━━━━━ Provided records ━━━━━

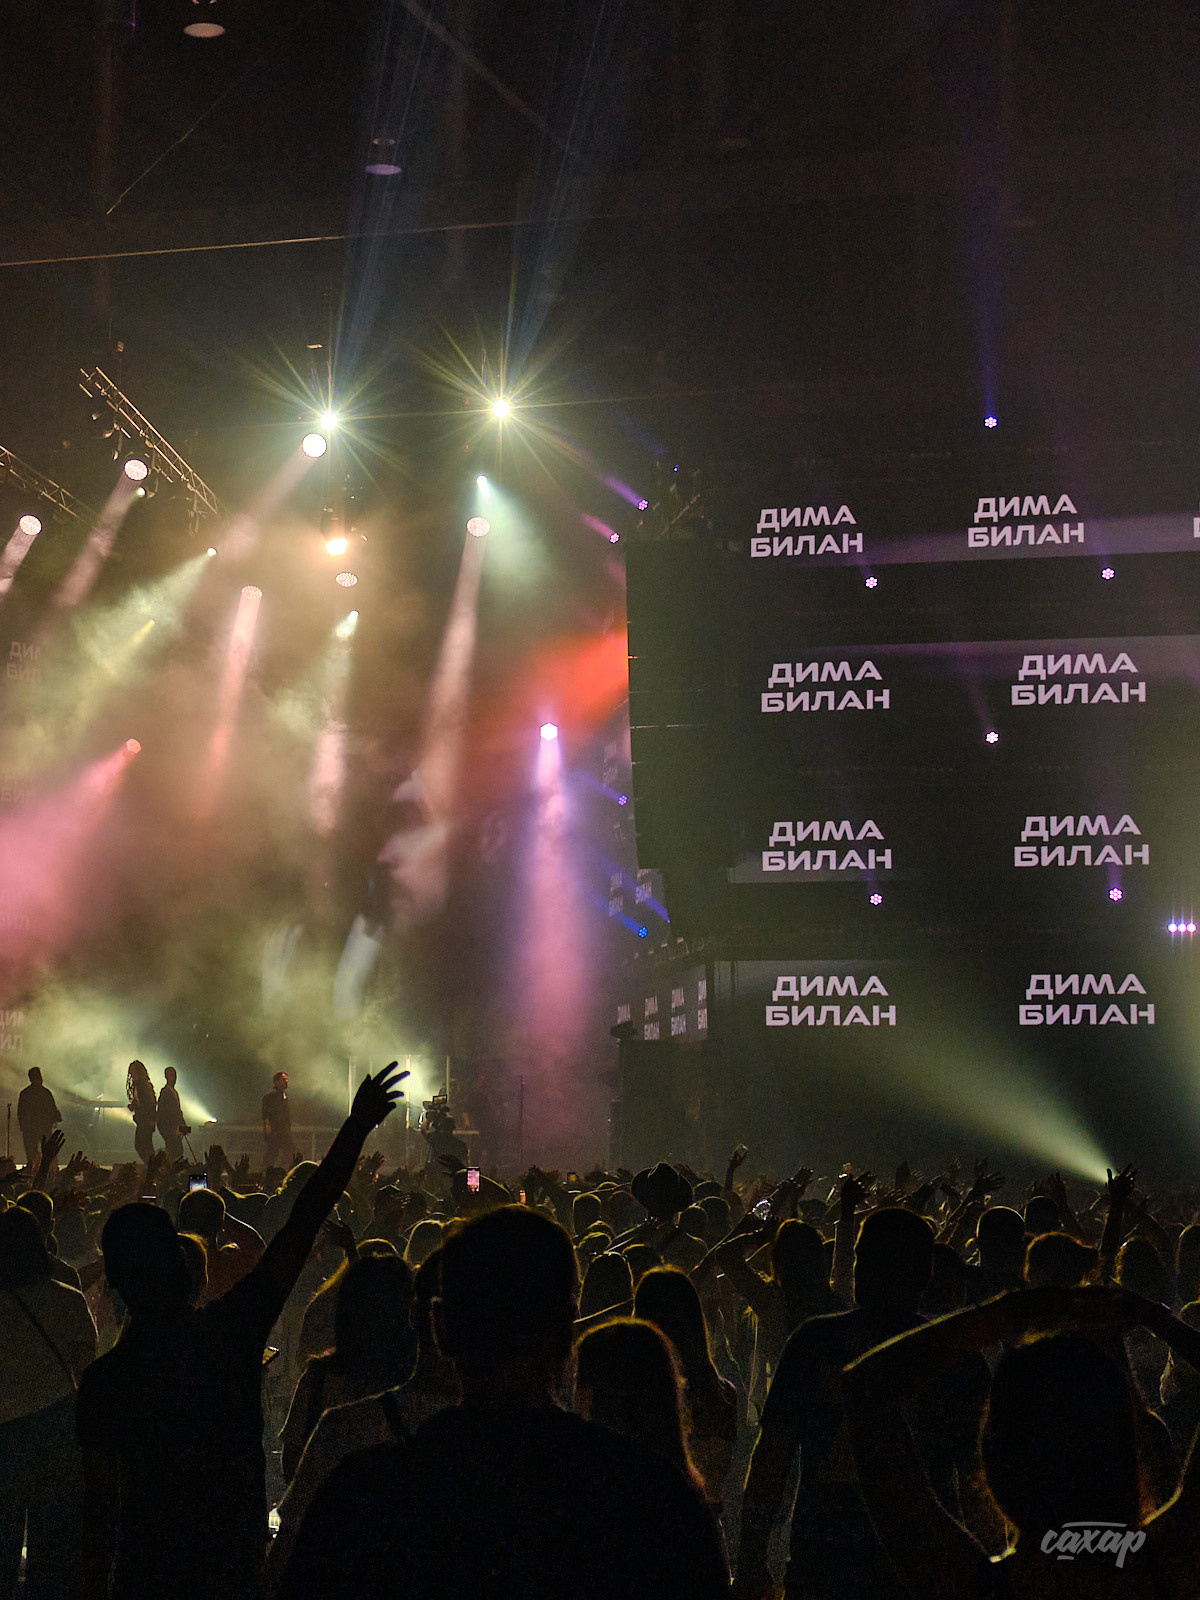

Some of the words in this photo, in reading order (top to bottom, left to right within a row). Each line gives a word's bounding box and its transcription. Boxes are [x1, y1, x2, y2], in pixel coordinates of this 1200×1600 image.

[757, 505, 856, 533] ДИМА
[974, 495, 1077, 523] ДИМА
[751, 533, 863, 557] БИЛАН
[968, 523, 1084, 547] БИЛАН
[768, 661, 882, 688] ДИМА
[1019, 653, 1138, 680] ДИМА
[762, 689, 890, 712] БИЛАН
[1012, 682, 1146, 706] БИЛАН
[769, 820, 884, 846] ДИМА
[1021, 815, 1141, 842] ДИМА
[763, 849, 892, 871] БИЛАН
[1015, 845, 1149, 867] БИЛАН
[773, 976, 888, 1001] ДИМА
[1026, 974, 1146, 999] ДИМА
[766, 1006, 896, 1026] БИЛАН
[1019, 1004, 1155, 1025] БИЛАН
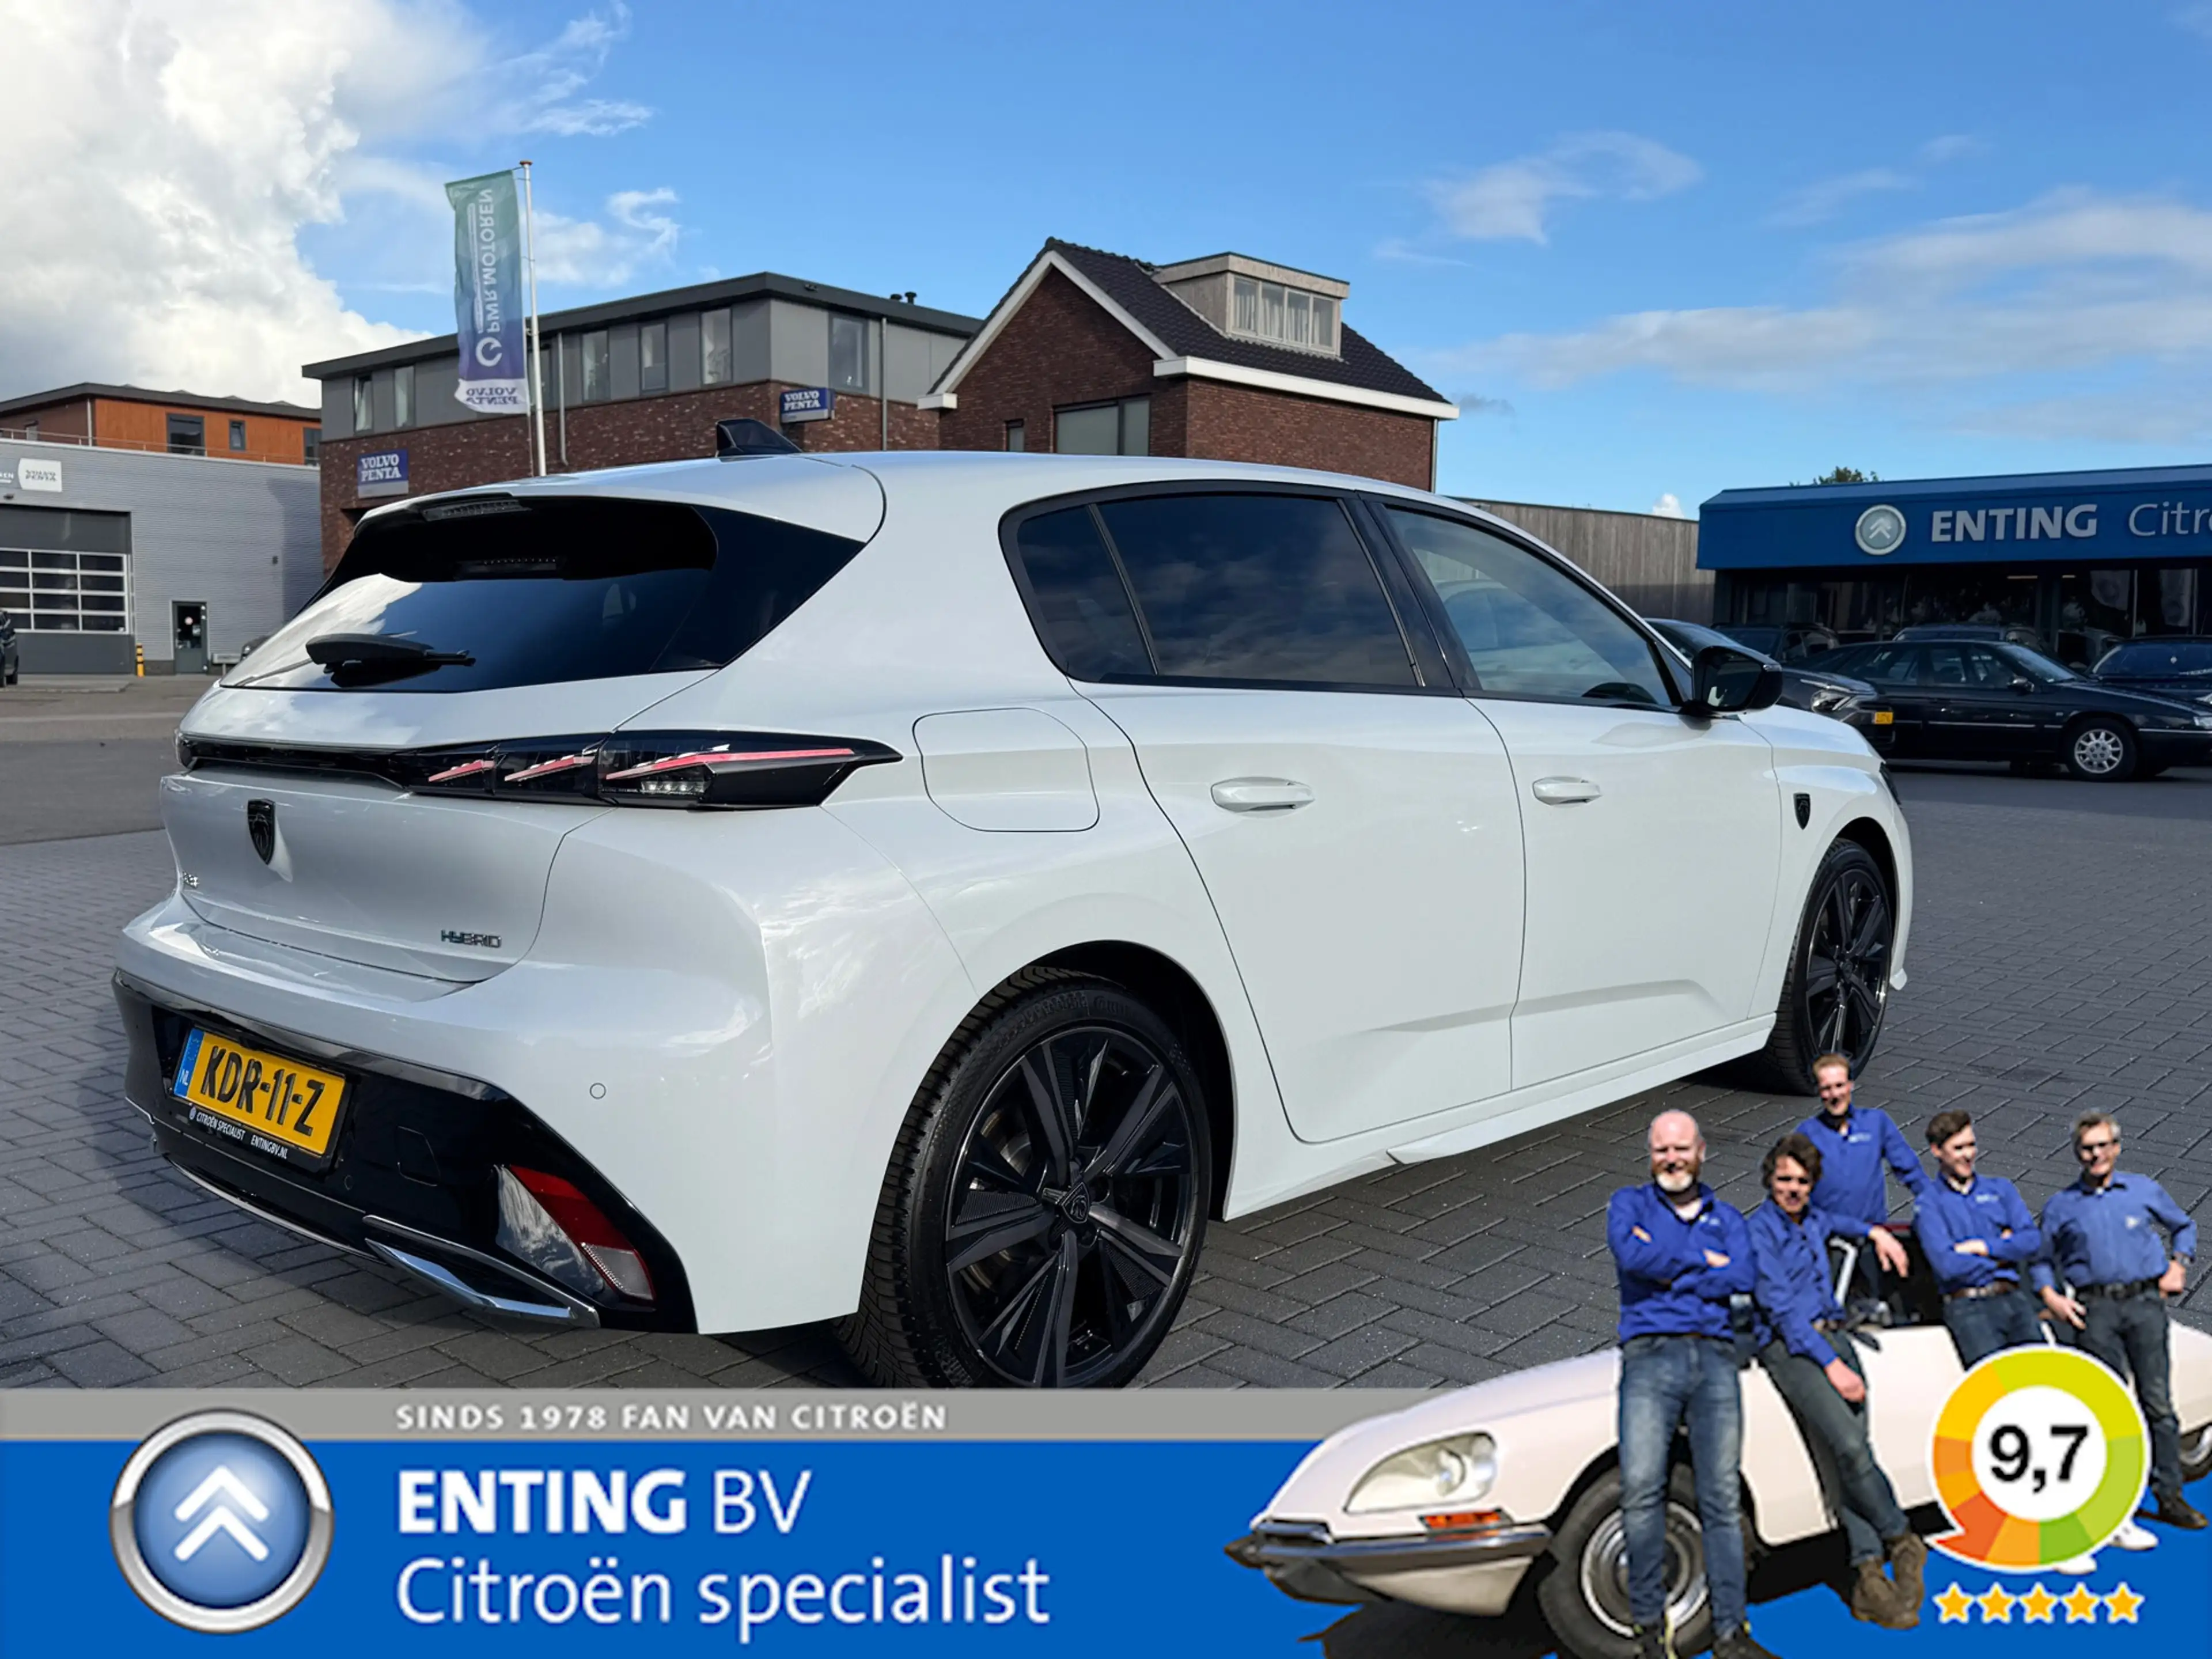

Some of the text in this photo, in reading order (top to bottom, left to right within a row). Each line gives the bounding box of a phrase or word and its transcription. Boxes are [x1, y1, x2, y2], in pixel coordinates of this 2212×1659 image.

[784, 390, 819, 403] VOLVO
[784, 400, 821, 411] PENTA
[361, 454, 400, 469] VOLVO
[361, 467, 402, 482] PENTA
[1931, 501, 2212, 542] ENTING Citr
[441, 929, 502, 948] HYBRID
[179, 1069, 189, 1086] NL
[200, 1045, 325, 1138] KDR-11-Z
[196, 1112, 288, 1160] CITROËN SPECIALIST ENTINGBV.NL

━━━━━

● Exercise requirements
Return the full listing above exactly as written, and omit the pictures.

● Answer section
Some of the words in this photo, in reading order (top to bottom, left to right within a row). Each line gives a word's bounding box and its transcription. Boxes are [x1, y1, x2, y2], in pixel coordinates of this 1200×1600 image.

[757, 505, 856, 533] ДИМА
[974, 495, 1077, 523] ДИМА
[751, 533, 863, 557] БИЛАН
[968, 523, 1084, 547] БИЛАН
[768, 661, 882, 688] ДИМА
[1019, 653, 1138, 680] ДИМА
[762, 689, 890, 712] БИЛАН
[1012, 682, 1146, 706] БИЛАН
[769, 820, 884, 846] ДИМА
[1021, 815, 1141, 842] ДИМА
[763, 849, 892, 871] БИЛАН
[1015, 845, 1149, 867] БИЛАН
[773, 976, 888, 1001] ДИМА
[1026, 974, 1146, 999] ДИМА
[766, 1006, 896, 1026] БИЛАН
[1019, 1004, 1155, 1025] БИЛАН

Some of the text in this photo, in reading order (top to bottom, left to right within a row). Each line gives the bounding box of a phrase or word and its transcription. Boxes are [x1, y1, x2, y2], in pixel coordinates of this 2212×1659 image.

[784, 390, 819, 403] VOLVO
[784, 400, 821, 411] PENTA
[361, 454, 400, 469] VOLVO
[361, 467, 402, 482] PENTA
[1931, 501, 2212, 542] ENTING Citr
[441, 929, 502, 948] HYBRID
[179, 1069, 189, 1086] NL
[200, 1045, 325, 1138] KDR-11-Z
[196, 1112, 288, 1160] CITROËN SPECIALIST ENTINGBV.NL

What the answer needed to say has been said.